→ **What the task requires**
The line containing "Some of the text" and every line after it to the end of the records: set those down exactly, without any pictures.

--*--

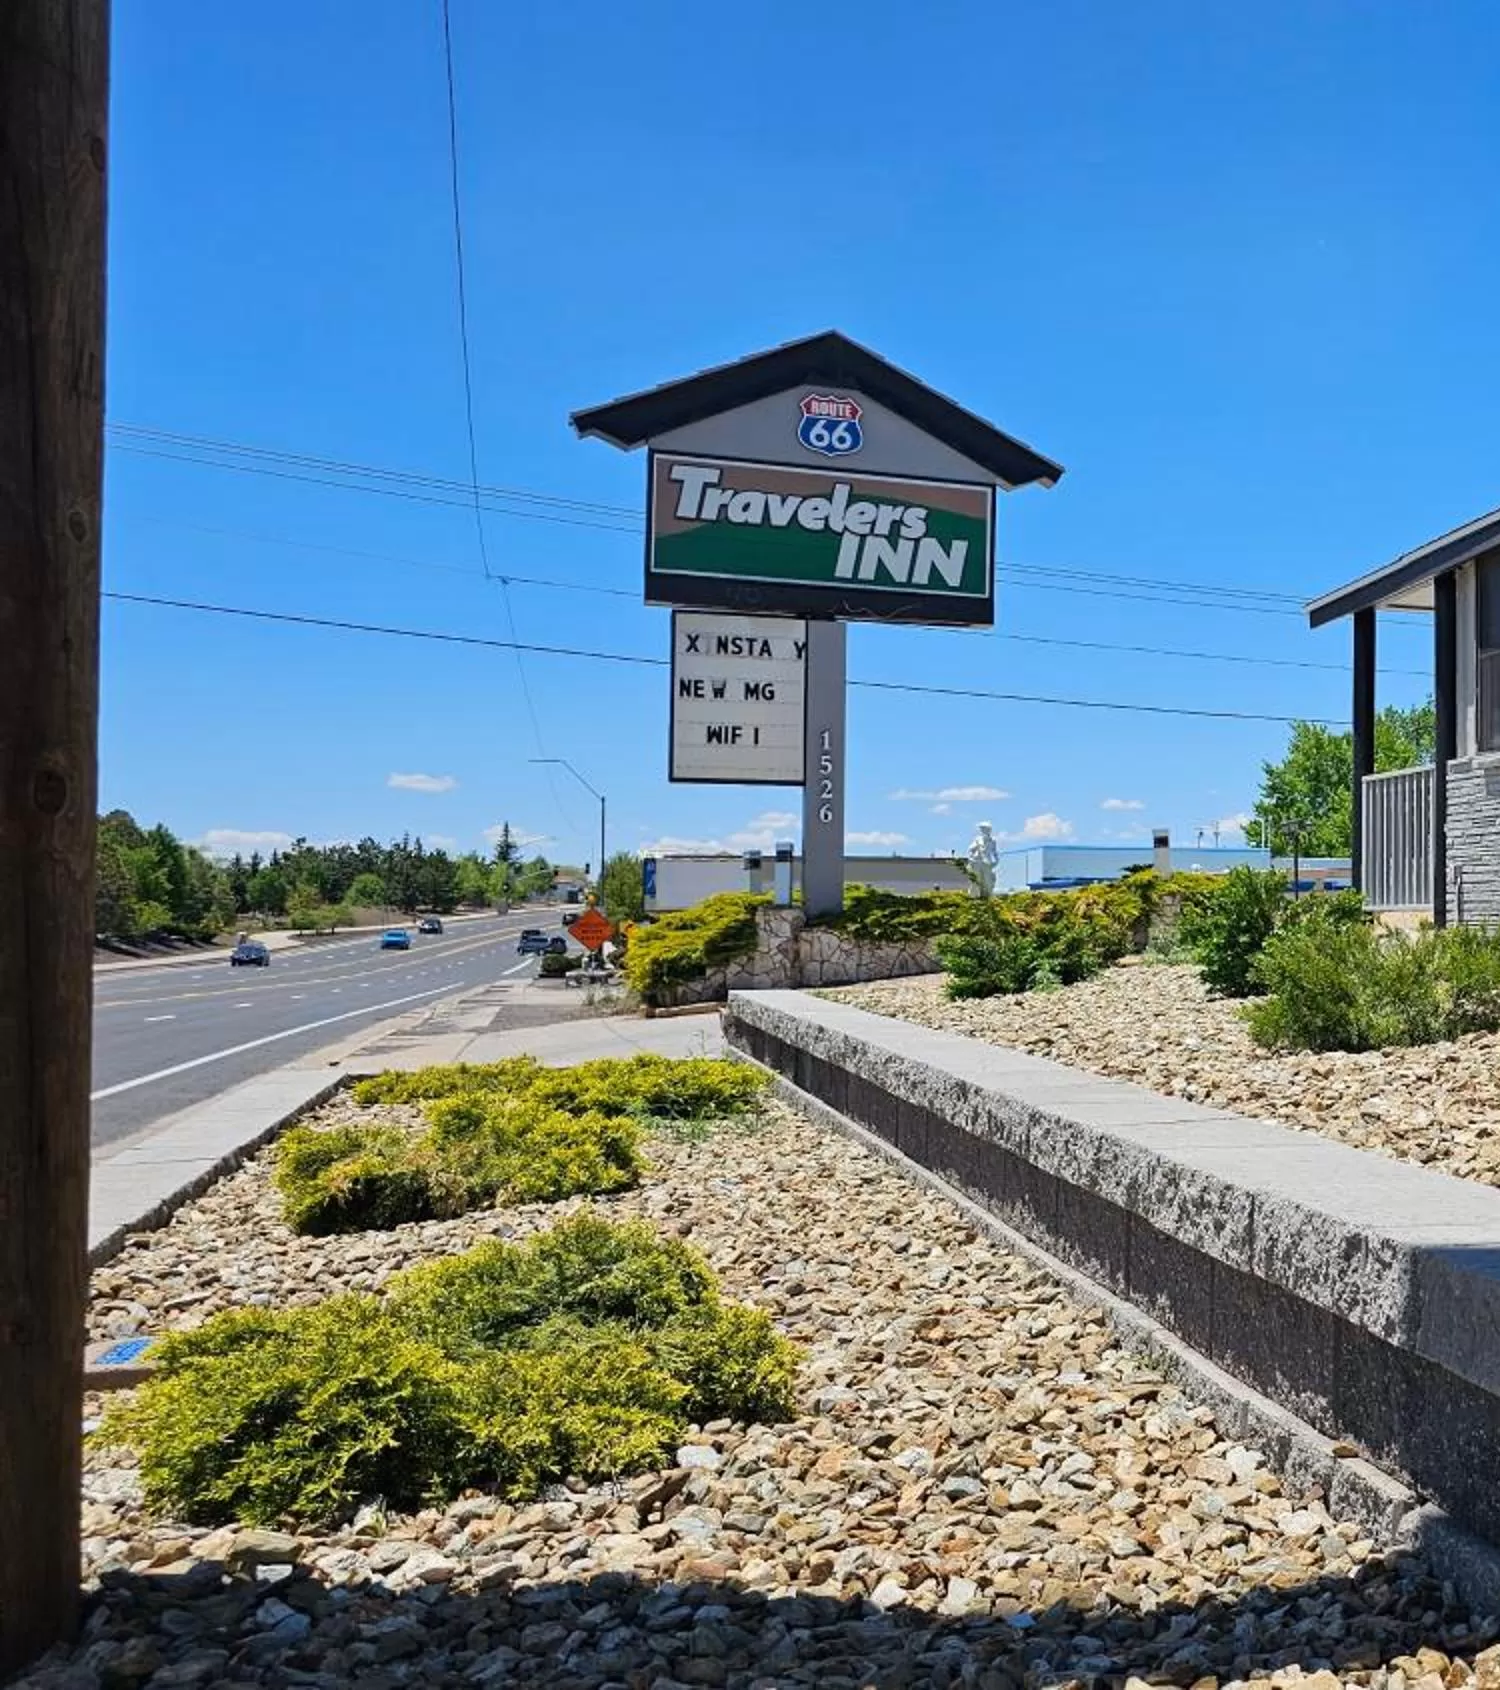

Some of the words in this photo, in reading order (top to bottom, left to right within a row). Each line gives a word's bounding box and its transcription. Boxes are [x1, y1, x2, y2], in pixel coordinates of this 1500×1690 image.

[810, 400, 854, 417] ROUTE
[809, 419, 853, 448] 66
[669, 464, 928, 539] Travelers
[834, 533, 969, 588] INN
[744, 682, 775, 701] MG
[819, 732, 833, 823] 1526
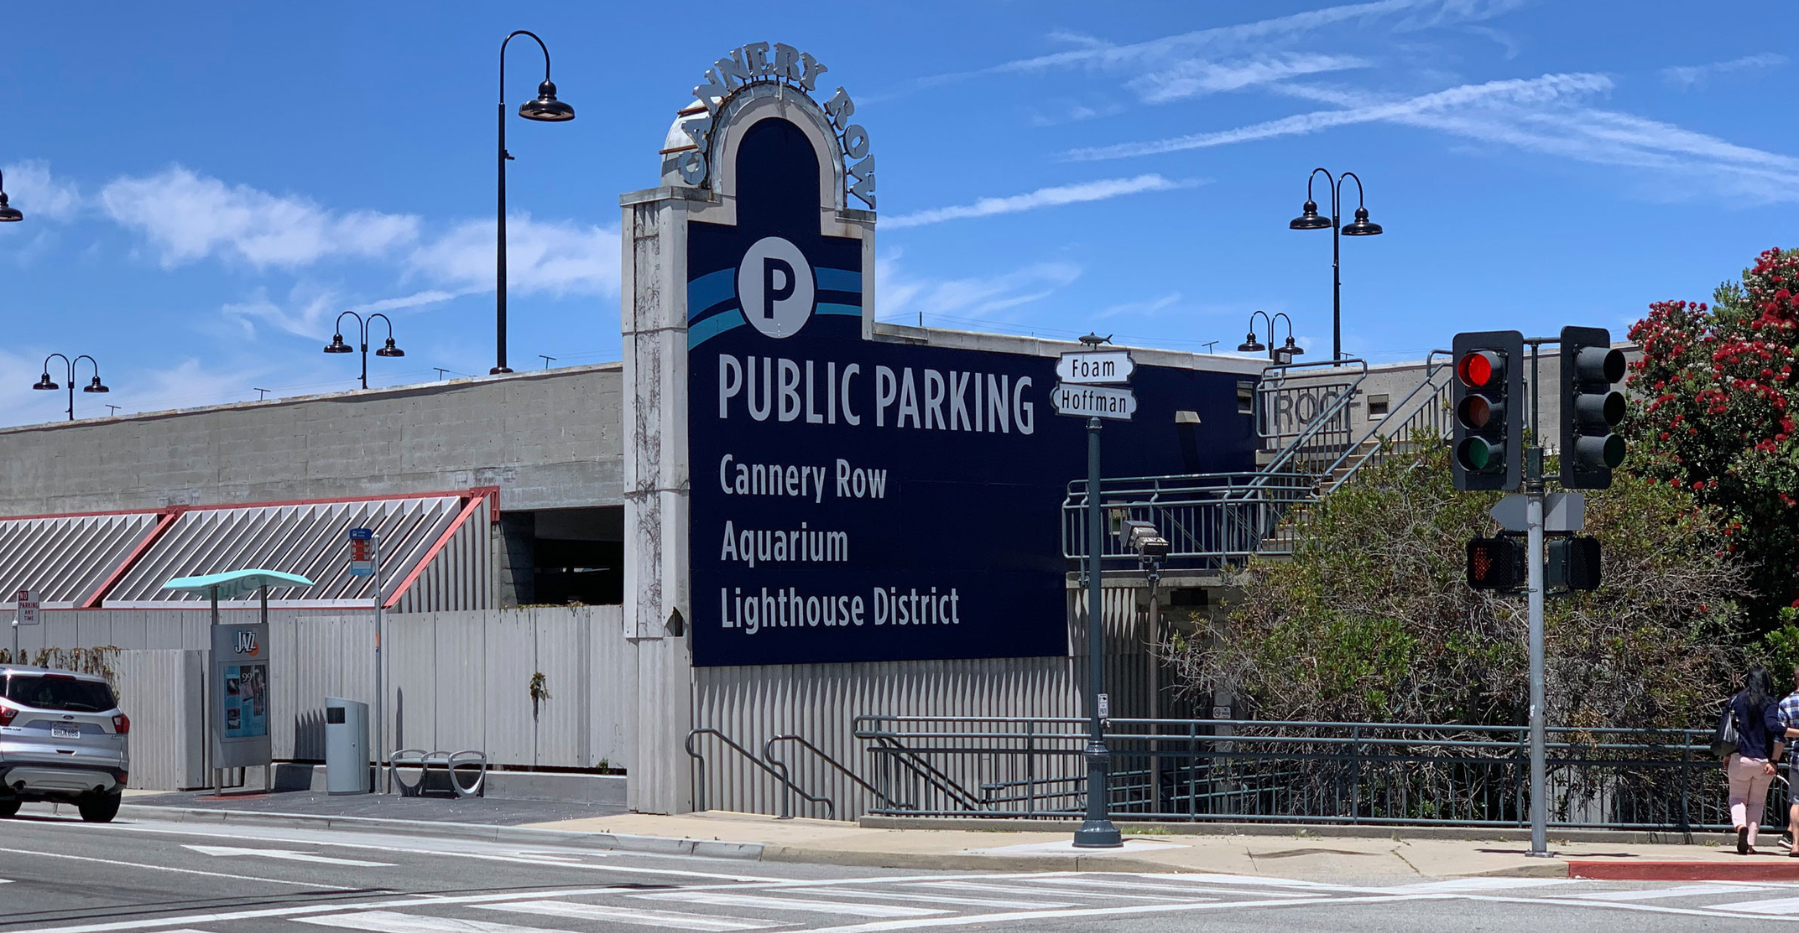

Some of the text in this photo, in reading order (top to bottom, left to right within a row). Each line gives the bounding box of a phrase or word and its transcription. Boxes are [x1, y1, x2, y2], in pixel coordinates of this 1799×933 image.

[678, 41, 877, 209] CANNERY ROW
[763, 257, 796, 319] P
[1072, 359, 1114, 377] Foam
[719, 353, 1034, 435] PUBLIC PARKING
[1062, 390, 1126, 413] Hoffman
[720, 453, 887, 503] Cannery Row
[721, 520, 848, 568] Aquarium
[19, 591, 28, 600] NO
[721, 587, 960, 634] Lighthouse District
[235, 631, 257, 653] JAZZ
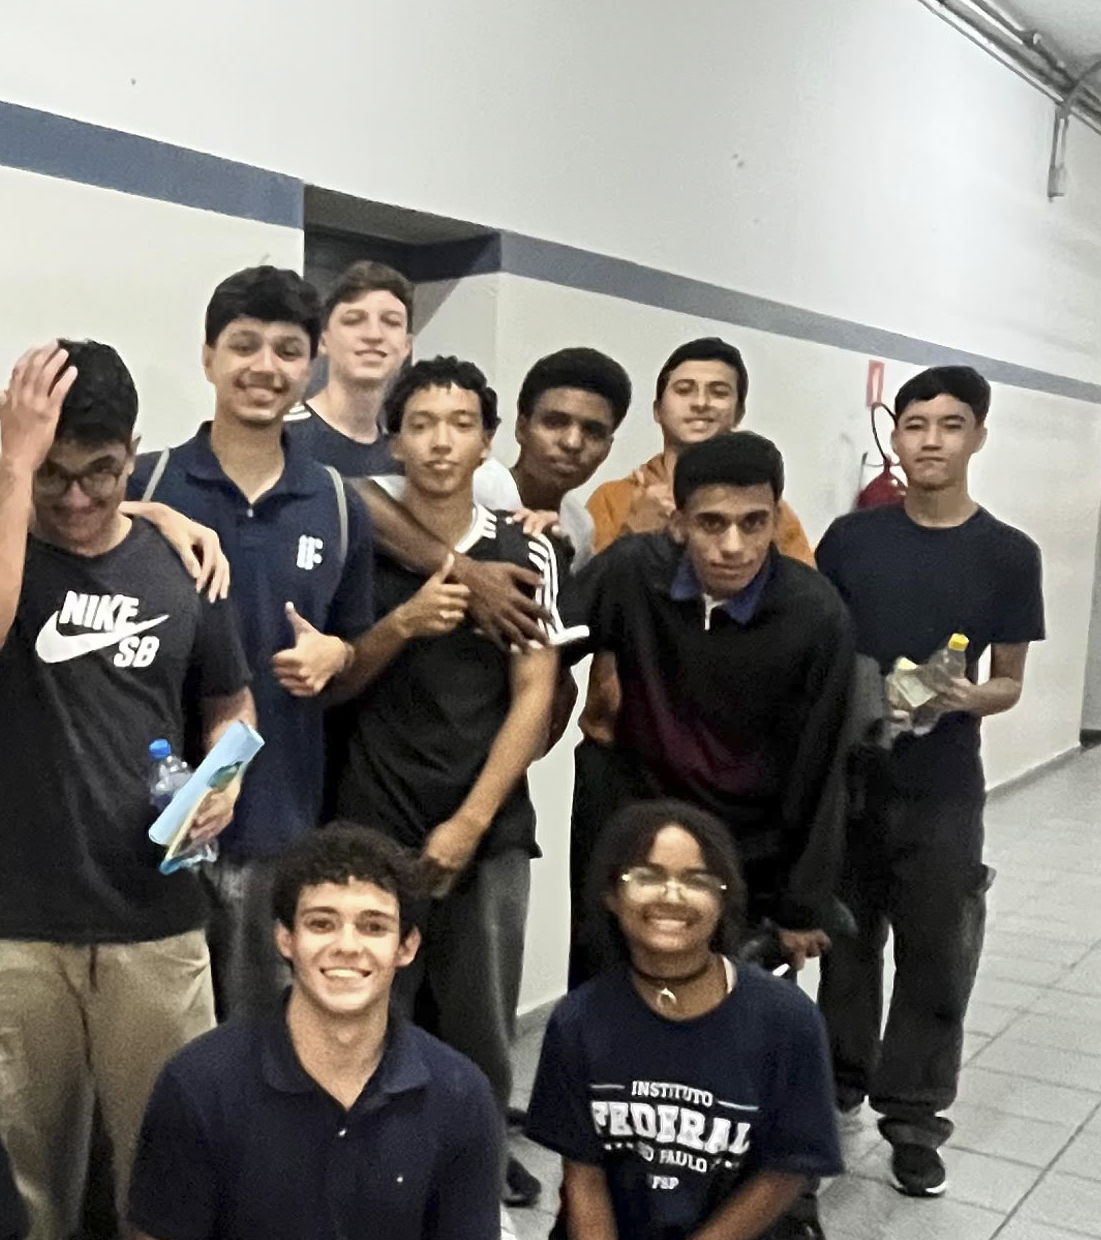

--*--

→ **Task solution**
Some of the text in this photo, in reading order (top to bottom, left to right within a row). Each line gives the bounding box of a phrase or word and its transcription. Boxes are [x1, y1, x2, y2], in pixel coordinates of this 1799×933 image.

[678, 41, 877, 209] CANNERY ROW
[763, 257, 796, 319] P
[1072, 359, 1114, 377] Foam
[719, 353, 1034, 435] PUBLIC PARKING
[1062, 390, 1126, 413] Hoffman
[720, 453, 887, 503] Cannery Row
[721, 520, 848, 568] Aquarium
[19, 591, 28, 600] NO
[721, 587, 960, 634] Lighthouse District
[235, 631, 257, 653] JAZZ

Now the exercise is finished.